VS is a bulky IDE, built for c# development, while vscode is a text editor, meaning it’s faster and has support for many languages and other features via plugins (but out of the box its not specifically built with the tools for c# dev). I would probably reccomend VS for unity development, but it depends based on what you like/need and what you’re running everything on. Read this (or any similar article) for more info https://www.freecodecamp.org/news/visual-studio-vs-visual-studio-code/, or if your not sure you can set up both and see which you like better
Yeah, Visual Studio is also much more beginner-friendly than VSCode, especially with Unity. As long as you have the Unity workload, everything should work fine.
vscode is beginner friendly its just installing 2 extensions, which is a 5 second project, creating projects happens from the command line rather than a new dialogue.
its not really, if you dont know anything about programming its going to be a nightmare to set things up, then u need to do configuration based on what you're working on and most of it are either files or cli commands
Ive never really needed to modify a csproj much.

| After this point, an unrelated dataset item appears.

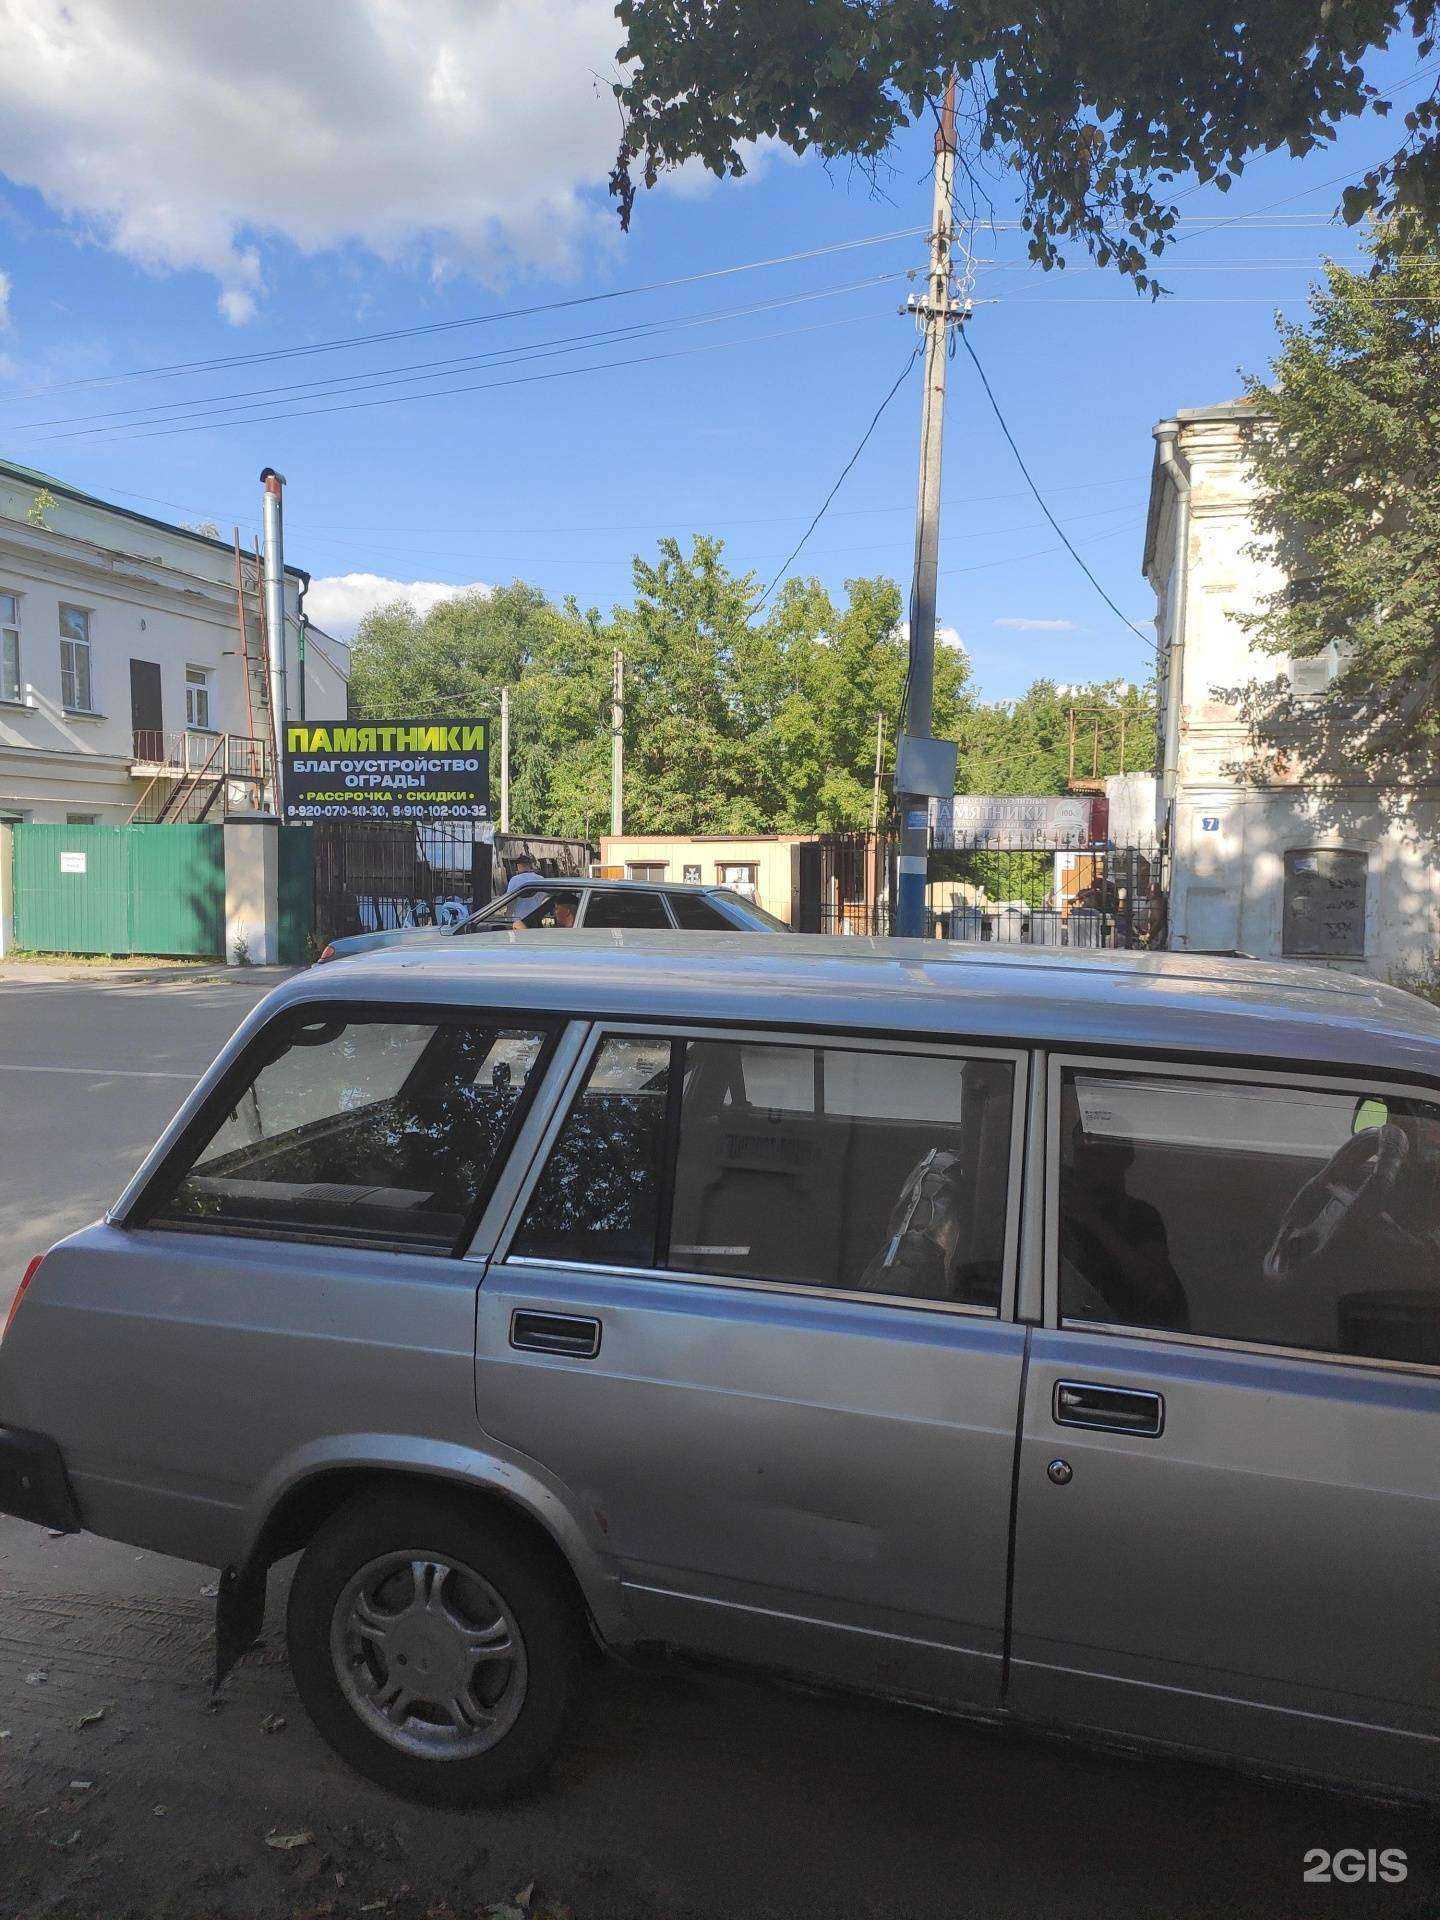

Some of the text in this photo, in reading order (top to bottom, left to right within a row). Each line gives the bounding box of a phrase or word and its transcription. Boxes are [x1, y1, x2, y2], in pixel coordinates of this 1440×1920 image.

I think you're overthinking the complexity of a csproj from mainstream repos who do cursed things. Getting comfortable with the command line is an essential skill as a programmer to be.
and I think your overestimating a beginner trying to learn both vs code and the language he will use with it vs him using it with a proper IDE where they already commit so many mistakes for the language itself
I am sure they can achieve using vs code, but at the same time I don't see the need for them to go thru all from ground 0 over learning the language in a friendly environment, and then deciding which ide/editor/extension/tooling they want to use
u realize that this comment makes 0 sense right? u still have vs studio cli and u can still use the command line nothing stops then to use it when needed if needed
It makes perfect sense. Command line isn't a huge barrier to entry at all. Okay what else does msvs leverage for you aside from the project creation and csproj management?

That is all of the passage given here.